David Miller, Toronto Mayor, is playing to lose. Haunted by his past generosity and shackled by his pro-union proclivity and lack of business experience, he is letting opportunity slip away.

By not pulling the plug earlier on the union's collective agreement, which expired in January, he permitted members of the Canadian Union of Public Employees to strike in July rather than in winter. That makes it less painful for the strikers and more so for residents of Toronto.

Howard Levitt
Miller's errors were then compounded by his unwillingness to confront the union with injunctions as they set up their illegal blockades, as his job should require him to do.

Instead, he turned his fury on the residents of the city, warning of prosecution for those who littered. Then he shut down city services, even on Canada Day, rather than keep them running with managers, replacement workers, contractors and any City workers who wished to keep working (only a small percentage actually voted to strike).

He could yet be a hero, hiring the recently unemployed at a lower cost than union wages, to replace civic workers during the strike. If Torontonians had their services provided and simultaneously saved taxes, the CUPE's bargaining power would disintegrate. However, that is unlikely to happen under Miller's watch.

The Mayor still has another simple solution that would end this strike -- one private sector clients have successfully used when they are in a similar position. He could either contract out the work, at lower rates, to waste disposal and other companies or hire and train workers to do the job. That's because a provision in the union's collective agreement that provides employees of more than 10 years service with a permanent job if the city contracts out or privatizes their position does not apply during a strike.

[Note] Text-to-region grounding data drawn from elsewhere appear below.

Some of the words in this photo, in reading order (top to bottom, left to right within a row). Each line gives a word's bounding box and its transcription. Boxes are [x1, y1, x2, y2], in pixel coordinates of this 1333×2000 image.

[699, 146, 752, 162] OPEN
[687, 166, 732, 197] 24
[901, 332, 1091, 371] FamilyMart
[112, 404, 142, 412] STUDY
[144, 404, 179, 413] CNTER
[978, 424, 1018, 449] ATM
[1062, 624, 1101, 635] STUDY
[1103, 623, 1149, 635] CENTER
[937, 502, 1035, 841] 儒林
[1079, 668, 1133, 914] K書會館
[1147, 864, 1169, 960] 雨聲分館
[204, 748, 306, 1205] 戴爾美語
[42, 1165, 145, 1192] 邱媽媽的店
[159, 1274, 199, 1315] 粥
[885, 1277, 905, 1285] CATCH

Governments at all levels across the country pay public sector employees far above market rates. This essentially amounts to taxpayers paying their employees far more than they earn themselves and creating tax rates that are unsustainable.

In negotiating a contract, public employees are either declared essential services or are permitted to strike but are then sent to arbitration. In both cases, an arbitrator decides their wages and benefits. Historically, they have done this by looking at other similarly overpaid public sector workers. That is unsustainable, as well.

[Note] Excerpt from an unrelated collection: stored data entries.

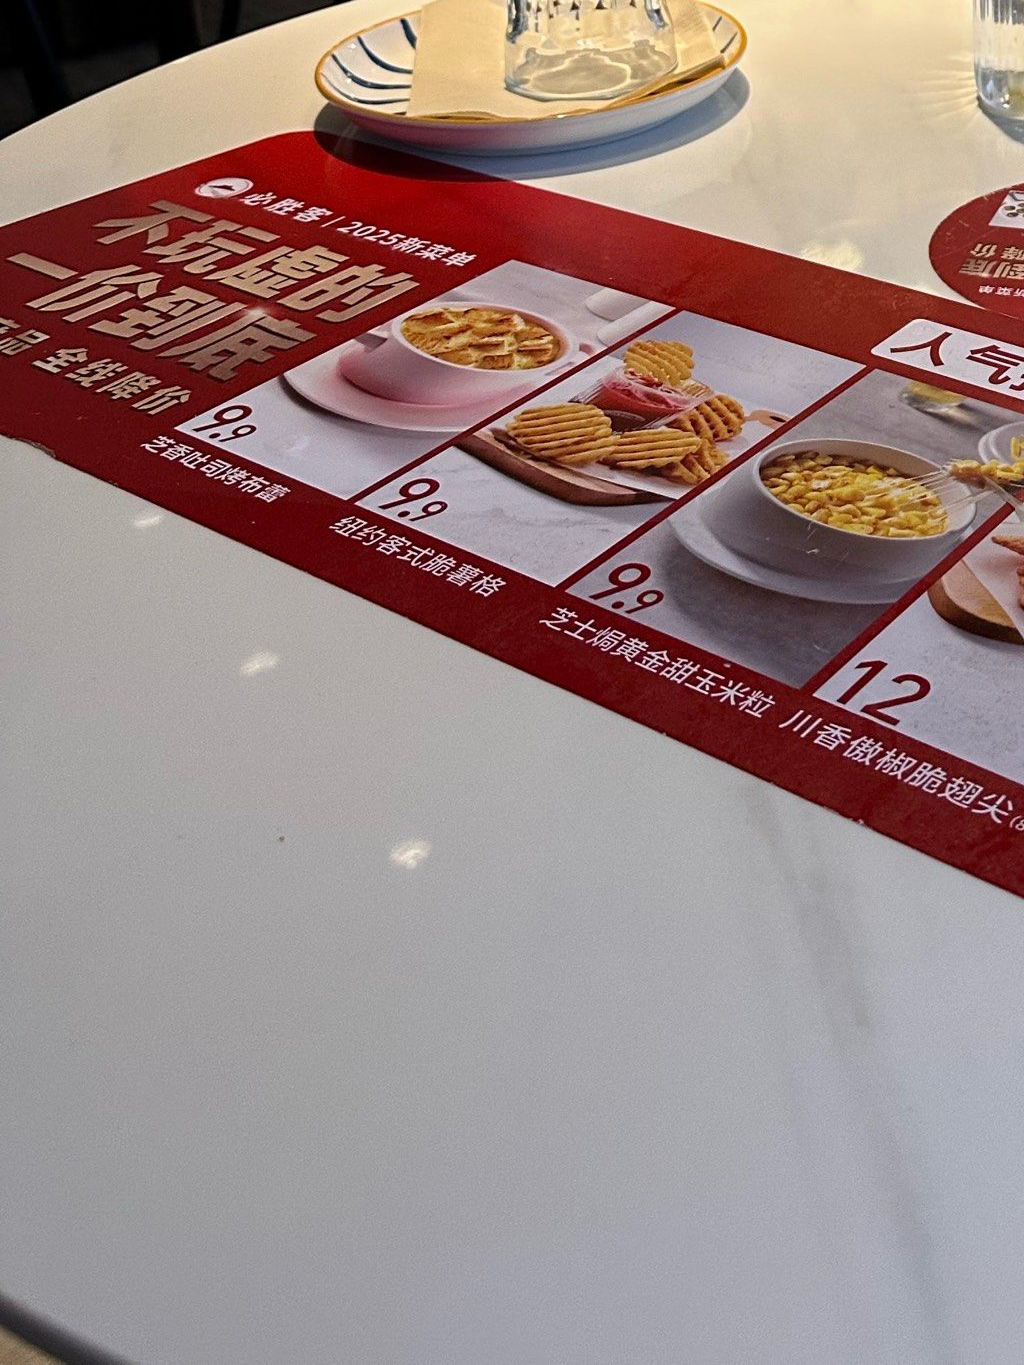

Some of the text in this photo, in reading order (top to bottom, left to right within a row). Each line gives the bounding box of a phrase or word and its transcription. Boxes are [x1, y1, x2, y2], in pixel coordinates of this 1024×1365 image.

[94, 199, 420, 324] 不玩虚的
[240, 192, 477, 267] 必胜客 2025新菜单
[6, 252, 317, 382] 一价到底
[32, 347, 192, 416] 全线降价
[193, 404, 257, 444] 9.9
[140, 435, 291, 504] 芝香吐司烤布蕾
[378, 477, 448, 522] 9.9
[329, 516, 506, 597] 纽约客式脆薯格
[588, 561, 664, 615] 9.9
[539, 606, 776, 718] 芝士焗黄金甜玉米粒
[836, 659, 932, 726] 12
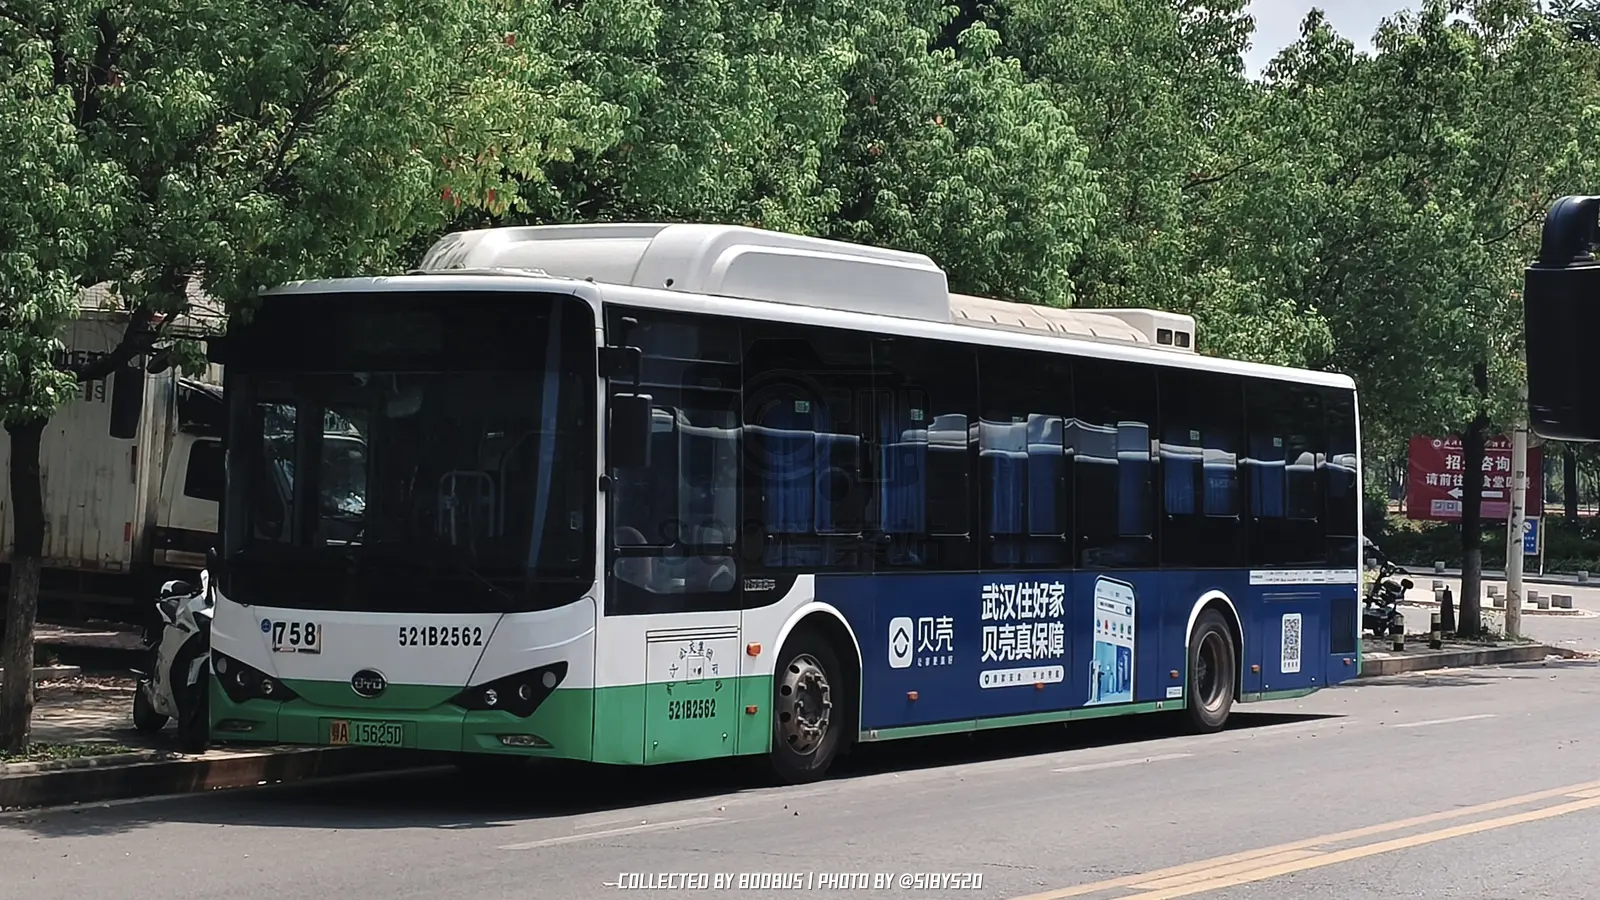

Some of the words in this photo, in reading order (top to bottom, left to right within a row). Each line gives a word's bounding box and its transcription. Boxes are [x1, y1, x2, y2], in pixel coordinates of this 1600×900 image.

[1445, 454, 1510, 472] 招咨询
[981, 581, 1065, 621] 武汉住好家
[274, 621, 316, 646] 758
[399, 626, 483, 647] 521B2562
[917, 615, 954, 653] 贝壳
[981, 621, 1065, 663] 贝壳真保障
[668, 699, 716, 720] 521B2562

Public sector unions should still be permitted to strike, but instead of demanding back to work legislation, the governments should contract out the work or hire replacement workers. The preparation for this should be done before the strike begins, a step that in most cases would prevent the union from striking.

Why is no mayoralty candidate advocating this?

A client of mine, whose union was recently decertified, just bought a business from a unionized employer. At the time of the sale, the employer commented that my client would be better off if it learned to deal with unions. My client did not see it that way. It was happy to lose the adversarial environment that goes with having a union and be able to make its decisions in the interests of its business and employees without worrying about Byzantine collective agreement provisions.

Increasingly, Canadian employees represented by unions are coming to the same conclusion. The rate of unionization in this country is in dramatic decline, particularly in the private sector.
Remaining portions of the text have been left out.